Please return the listing exactly as written, but without its pictures.

**TASK INPUTS:**
###

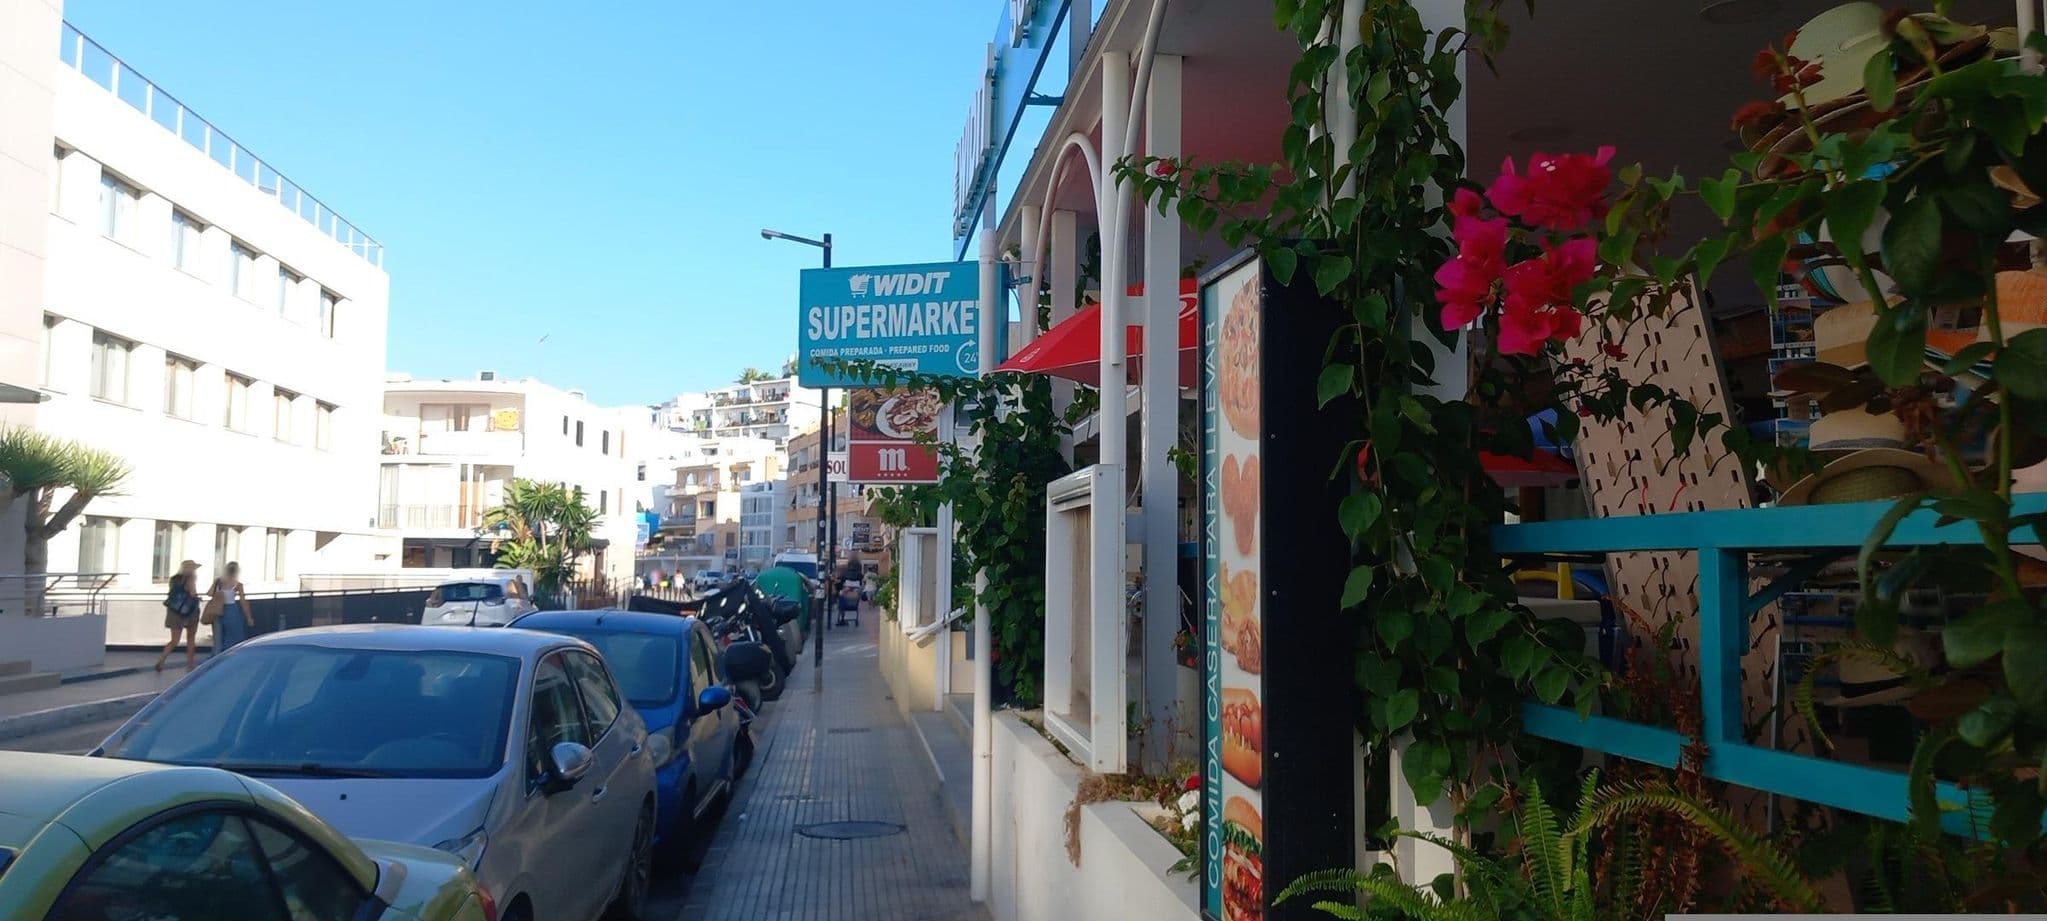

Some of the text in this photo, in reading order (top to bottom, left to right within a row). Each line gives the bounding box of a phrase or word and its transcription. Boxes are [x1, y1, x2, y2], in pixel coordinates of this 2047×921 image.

[874, 271, 950, 297] WIDIT
[808, 299, 980, 341] SUPERMARKE
[809, 344, 950, 358] COMIDA PREPARADA PREPARED FOOD
[1204, 321, 1219, 889] COMIDA CASERA PARA LLEVAR
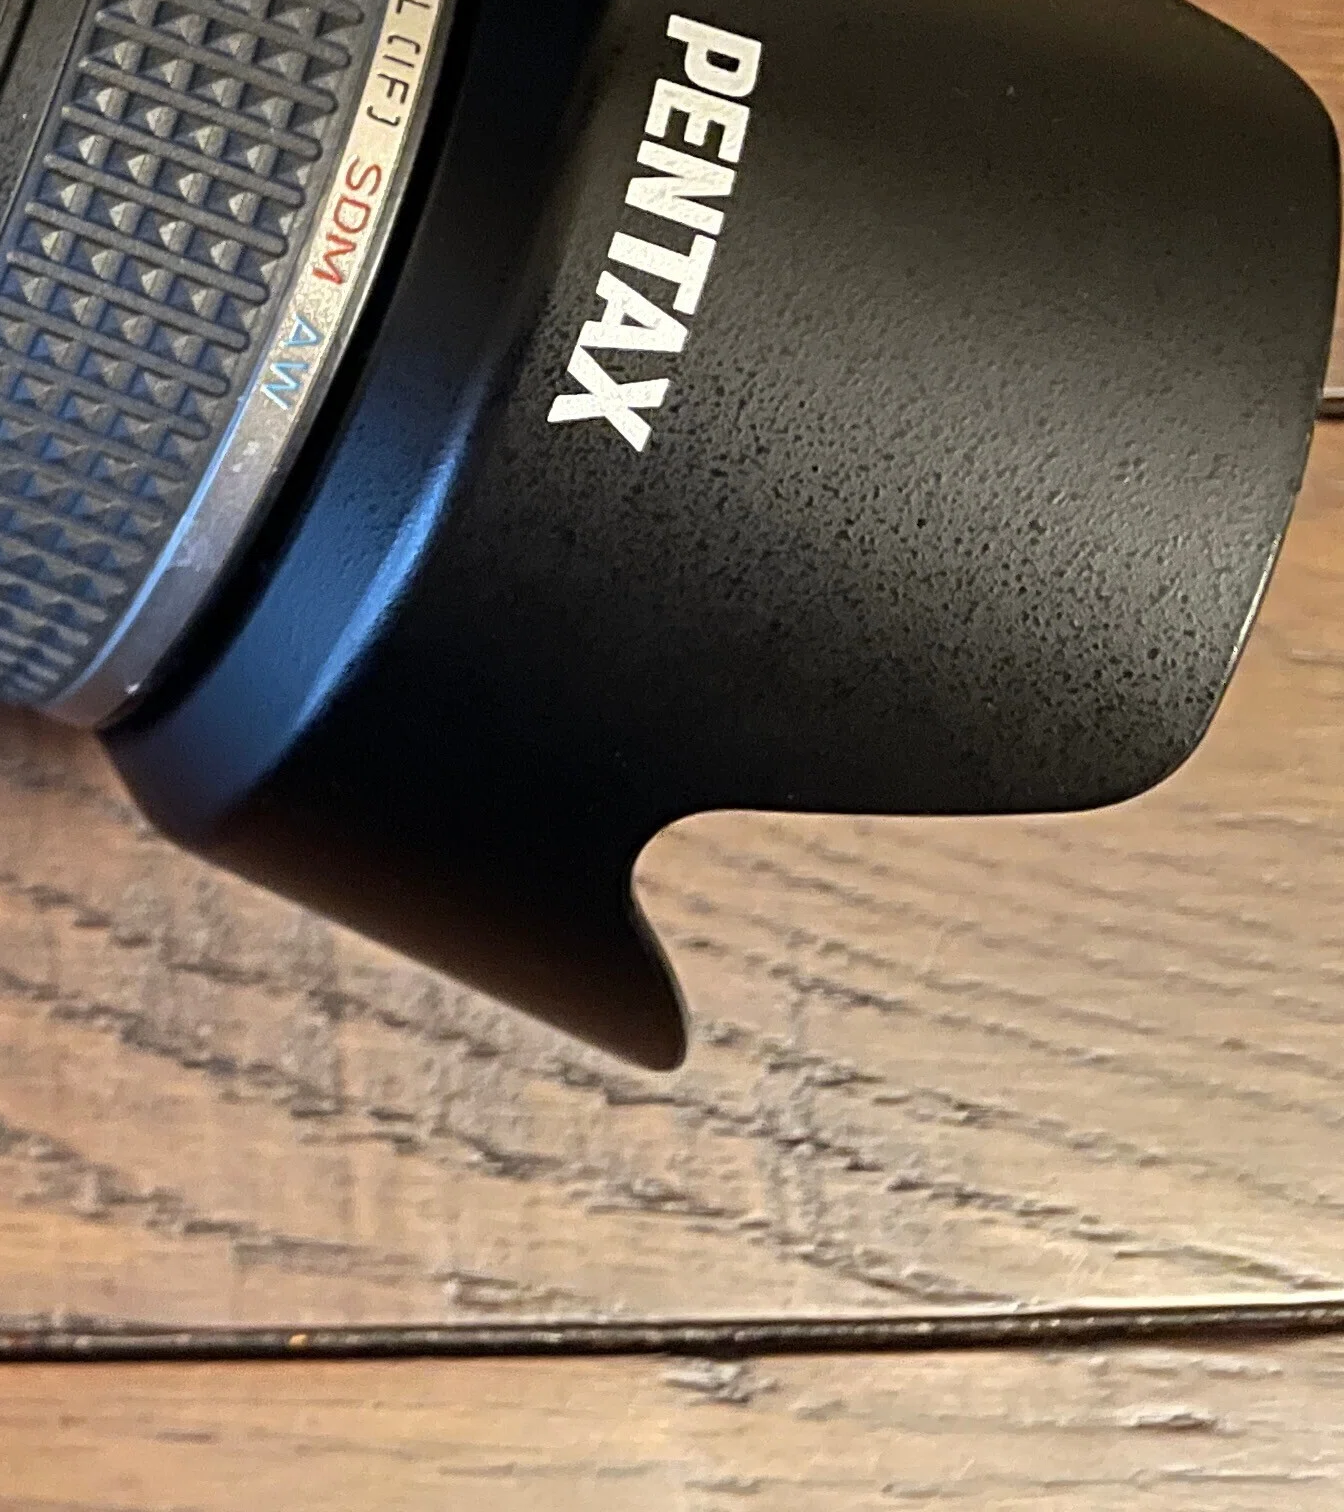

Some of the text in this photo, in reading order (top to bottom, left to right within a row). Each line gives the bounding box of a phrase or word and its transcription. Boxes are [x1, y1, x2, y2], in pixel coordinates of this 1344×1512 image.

[311, 153, 383, 286] SDM
[546, 13, 764, 453] PENTAX
[260, 311, 324, 412] AW

###

**SOLUTION TO THIS TASK:**
Some of the text in this photo, in reading order (top to bottom, left to right within a row). Each line gives the bounding box of a phrase or word and its transcription. Boxes are [x1, y1, x2, y2], in pixel coordinates of this 2047×921 image.

[874, 271, 950, 297] WIDIT
[808, 299, 980, 341] SUPERMARKE
[809, 344, 950, 358] COMIDA PREPARADA PREPARED FOOD
[1204, 321, 1219, 889] COMIDA CASERA PARA LLEVAR

Some of the text in this photo, in reading order (top to bottom, left to right within a row). Each line gives the bounding box of a phrase or word and its transcription. Boxes are [x1, y1, x2, y2], in pixel coordinates of this 1344×1512 image.

[311, 153, 383, 286] SDM
[546, 13, 764, 453] PENTAX
[260, 311, 324, 412] AW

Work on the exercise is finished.